Nothing other than the lines from the one containing "this 1280×1280 image." through the close of the entries below should be printed, each exactly.
___ AVAILABLE DATA ___
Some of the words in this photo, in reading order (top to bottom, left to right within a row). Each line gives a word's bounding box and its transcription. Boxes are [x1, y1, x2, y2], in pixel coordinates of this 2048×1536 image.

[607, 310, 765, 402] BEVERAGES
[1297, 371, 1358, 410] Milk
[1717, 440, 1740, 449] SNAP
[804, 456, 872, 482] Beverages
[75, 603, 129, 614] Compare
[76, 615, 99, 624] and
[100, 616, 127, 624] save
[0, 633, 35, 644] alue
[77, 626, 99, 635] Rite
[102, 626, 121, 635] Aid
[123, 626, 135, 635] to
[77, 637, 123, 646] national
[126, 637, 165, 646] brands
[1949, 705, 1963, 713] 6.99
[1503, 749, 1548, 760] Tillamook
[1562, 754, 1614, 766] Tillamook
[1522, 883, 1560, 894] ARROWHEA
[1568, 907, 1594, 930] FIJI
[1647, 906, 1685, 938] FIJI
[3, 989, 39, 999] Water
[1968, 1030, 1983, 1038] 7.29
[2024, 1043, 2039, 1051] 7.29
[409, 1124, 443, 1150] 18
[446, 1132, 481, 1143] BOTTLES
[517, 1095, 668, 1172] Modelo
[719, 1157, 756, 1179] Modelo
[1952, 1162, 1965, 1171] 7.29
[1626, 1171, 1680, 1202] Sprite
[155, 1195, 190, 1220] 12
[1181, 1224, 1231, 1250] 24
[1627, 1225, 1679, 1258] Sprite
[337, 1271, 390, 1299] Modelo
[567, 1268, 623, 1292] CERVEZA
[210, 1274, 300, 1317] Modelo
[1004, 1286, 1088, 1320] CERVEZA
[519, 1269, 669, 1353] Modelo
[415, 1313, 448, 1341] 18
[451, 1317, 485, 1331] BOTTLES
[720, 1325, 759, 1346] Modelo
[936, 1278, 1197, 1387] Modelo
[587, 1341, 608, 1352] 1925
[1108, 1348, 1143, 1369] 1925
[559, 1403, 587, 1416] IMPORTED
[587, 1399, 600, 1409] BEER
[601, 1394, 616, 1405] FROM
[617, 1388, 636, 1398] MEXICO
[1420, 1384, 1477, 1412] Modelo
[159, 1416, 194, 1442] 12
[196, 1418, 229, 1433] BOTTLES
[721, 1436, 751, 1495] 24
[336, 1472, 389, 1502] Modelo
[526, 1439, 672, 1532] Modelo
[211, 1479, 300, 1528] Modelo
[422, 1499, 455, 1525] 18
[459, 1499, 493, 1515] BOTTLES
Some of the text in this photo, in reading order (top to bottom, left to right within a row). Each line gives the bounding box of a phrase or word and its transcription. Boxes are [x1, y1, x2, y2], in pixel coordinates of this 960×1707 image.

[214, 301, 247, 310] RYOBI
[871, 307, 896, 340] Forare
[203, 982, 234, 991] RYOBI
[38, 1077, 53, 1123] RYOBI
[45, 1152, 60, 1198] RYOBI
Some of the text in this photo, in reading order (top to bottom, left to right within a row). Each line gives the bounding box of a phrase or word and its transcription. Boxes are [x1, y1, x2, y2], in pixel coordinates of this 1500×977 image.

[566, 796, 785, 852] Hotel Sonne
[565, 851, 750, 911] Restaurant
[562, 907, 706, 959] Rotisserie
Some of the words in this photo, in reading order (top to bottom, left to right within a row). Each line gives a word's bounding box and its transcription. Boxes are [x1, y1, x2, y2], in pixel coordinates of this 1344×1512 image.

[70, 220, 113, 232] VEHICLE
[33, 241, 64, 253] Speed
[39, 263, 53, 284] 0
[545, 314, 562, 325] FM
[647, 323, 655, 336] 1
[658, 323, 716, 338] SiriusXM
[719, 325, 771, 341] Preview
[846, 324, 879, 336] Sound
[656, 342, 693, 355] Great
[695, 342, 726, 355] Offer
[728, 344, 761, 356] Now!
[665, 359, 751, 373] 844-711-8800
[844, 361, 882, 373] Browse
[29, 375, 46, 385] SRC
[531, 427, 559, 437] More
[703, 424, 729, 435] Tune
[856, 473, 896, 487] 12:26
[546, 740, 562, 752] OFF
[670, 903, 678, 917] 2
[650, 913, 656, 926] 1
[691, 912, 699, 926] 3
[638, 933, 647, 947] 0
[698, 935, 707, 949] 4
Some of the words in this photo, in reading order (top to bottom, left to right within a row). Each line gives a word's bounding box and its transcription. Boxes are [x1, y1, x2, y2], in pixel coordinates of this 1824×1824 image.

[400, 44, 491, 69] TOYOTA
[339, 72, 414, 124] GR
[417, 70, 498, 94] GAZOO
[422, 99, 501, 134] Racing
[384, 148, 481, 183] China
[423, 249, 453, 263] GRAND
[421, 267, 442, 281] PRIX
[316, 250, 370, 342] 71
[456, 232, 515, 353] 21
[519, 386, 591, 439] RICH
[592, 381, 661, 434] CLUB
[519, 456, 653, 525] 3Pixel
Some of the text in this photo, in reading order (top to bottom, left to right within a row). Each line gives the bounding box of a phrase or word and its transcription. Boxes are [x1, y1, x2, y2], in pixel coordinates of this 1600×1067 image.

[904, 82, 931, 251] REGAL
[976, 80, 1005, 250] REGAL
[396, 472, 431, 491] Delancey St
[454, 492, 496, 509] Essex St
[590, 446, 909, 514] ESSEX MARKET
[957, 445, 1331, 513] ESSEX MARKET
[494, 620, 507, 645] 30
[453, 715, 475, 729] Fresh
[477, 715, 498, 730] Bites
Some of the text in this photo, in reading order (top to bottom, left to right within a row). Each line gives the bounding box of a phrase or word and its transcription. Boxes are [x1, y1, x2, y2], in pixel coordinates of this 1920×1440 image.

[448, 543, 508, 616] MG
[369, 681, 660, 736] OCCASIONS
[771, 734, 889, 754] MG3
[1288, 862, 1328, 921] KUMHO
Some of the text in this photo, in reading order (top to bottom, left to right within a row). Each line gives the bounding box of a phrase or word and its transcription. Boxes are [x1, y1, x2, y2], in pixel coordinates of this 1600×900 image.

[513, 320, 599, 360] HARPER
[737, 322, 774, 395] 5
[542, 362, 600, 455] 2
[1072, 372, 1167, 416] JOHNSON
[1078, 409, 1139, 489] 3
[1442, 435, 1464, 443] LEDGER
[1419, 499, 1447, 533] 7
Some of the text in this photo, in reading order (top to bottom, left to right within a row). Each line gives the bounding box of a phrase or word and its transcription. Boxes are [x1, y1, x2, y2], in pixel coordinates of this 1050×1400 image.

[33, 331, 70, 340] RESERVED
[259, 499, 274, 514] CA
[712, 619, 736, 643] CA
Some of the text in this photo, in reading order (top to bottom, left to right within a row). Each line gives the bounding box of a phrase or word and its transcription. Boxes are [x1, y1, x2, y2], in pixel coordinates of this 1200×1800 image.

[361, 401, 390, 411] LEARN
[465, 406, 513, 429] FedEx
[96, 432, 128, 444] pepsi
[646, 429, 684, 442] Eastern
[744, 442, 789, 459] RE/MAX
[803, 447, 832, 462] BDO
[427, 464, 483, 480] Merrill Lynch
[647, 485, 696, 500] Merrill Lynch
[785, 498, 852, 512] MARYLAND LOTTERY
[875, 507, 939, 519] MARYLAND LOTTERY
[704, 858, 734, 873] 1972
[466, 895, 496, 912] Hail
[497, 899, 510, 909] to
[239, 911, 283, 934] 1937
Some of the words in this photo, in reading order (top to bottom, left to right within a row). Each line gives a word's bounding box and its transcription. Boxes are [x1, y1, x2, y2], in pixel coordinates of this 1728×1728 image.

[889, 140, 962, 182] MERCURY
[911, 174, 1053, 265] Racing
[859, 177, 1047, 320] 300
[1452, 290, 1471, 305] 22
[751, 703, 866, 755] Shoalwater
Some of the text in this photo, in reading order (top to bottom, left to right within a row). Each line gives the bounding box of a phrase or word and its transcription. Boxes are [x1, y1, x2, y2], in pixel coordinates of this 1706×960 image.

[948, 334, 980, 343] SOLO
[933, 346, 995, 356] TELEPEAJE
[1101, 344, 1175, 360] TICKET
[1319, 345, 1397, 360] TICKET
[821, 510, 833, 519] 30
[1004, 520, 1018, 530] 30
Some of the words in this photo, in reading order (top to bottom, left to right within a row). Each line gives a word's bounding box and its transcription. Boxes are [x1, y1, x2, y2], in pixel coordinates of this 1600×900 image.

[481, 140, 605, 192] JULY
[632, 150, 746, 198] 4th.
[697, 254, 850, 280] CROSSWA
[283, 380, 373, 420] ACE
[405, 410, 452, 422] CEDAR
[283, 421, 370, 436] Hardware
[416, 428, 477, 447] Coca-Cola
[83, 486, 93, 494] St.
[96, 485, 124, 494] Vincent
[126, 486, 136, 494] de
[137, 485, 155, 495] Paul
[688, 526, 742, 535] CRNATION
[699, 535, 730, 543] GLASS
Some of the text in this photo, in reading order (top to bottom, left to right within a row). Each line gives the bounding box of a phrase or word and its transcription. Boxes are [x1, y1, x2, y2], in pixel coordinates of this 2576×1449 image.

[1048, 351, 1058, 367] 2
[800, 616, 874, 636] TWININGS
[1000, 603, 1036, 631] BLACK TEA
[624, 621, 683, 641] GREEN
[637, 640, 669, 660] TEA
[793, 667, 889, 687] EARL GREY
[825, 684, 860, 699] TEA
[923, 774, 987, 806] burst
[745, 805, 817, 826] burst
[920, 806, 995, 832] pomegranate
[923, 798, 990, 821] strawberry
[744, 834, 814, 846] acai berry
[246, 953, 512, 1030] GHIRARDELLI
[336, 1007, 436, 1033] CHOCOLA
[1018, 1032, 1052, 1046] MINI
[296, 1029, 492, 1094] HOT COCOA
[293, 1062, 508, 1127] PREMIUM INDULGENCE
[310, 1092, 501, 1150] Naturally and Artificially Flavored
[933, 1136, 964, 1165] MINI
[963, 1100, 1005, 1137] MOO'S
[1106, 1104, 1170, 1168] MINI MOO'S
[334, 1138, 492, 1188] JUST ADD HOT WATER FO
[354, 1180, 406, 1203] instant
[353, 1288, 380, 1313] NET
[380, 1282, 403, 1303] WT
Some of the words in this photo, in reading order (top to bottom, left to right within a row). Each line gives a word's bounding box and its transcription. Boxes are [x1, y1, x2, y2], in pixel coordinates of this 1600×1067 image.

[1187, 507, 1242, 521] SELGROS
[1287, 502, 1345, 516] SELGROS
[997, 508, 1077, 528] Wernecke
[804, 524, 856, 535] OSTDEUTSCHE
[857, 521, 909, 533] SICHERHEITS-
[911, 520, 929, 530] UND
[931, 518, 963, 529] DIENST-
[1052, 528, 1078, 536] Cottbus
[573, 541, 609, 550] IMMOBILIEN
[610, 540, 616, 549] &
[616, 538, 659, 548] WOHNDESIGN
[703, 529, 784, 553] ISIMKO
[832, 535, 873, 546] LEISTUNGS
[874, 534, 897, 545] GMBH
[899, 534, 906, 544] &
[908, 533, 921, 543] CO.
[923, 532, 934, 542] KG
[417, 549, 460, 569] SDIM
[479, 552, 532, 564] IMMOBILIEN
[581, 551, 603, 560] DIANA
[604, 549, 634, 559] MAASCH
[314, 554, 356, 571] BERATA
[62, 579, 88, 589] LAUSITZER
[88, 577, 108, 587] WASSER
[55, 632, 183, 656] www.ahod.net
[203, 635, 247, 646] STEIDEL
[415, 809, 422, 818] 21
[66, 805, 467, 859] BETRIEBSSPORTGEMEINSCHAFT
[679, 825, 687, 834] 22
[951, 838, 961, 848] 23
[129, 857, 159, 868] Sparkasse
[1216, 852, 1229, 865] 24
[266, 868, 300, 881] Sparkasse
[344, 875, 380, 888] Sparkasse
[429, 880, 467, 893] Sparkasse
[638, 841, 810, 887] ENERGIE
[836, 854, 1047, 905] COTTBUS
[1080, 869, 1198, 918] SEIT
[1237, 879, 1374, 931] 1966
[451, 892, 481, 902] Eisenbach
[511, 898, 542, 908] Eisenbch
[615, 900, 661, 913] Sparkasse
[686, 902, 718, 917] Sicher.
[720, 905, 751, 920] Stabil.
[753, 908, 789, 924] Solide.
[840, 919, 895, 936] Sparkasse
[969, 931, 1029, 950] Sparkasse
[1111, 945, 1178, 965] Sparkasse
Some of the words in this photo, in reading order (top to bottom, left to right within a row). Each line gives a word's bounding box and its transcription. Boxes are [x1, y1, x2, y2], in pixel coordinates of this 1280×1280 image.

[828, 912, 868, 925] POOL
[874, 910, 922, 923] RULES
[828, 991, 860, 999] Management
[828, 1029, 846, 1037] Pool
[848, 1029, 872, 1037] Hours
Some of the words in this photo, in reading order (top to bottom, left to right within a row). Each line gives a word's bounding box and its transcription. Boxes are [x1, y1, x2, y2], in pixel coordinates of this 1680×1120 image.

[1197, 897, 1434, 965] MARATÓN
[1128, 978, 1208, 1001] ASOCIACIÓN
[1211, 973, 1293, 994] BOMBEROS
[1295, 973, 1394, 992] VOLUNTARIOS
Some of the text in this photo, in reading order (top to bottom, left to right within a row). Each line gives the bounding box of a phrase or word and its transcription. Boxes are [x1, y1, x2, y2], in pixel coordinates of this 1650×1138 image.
___
■ **SOLUTION TO THIS PROBLEM**:
Some of the words in this photo, in reading order (top to bottom, left to right within a row). Each line gives a word's bounding box and its transcription. Boxes are [x1, y1, x2, y2], in pixel coordinates of this 1280×1280 image.

[828, 912, 868, 925] POOL
[874, 910, 922, 923] RULES
[828, 991, 860, 999] Management
[828, 1029, 846, 1037] Pool
[848, 1029, 872, 1037] Hours
Some of the words in this photo, in reading order (top to bottom, left to right within a row). Each line gives a word's bounding box and its transcription. Boxes are [x1, y1, x2, y2], in pixel coordinates of this 1680×1120 image.

[1197, 897, 1434, 965] MARATÓN
[1128, 978, 1208, 1001] ASOCIACIÓN
[1211, 973, 1293, 994] BOMBEROS
[1295, 973, 1394, 992] VOLUNTARIOS
Some of the text in this photo, in reading order (top to bottom, left to right within a row). Each line gives the bounding box of a phrase or word and its transcription. Boxes are [x1, y1, x2, y2], in pixel coordinates of this 1650×1138 image.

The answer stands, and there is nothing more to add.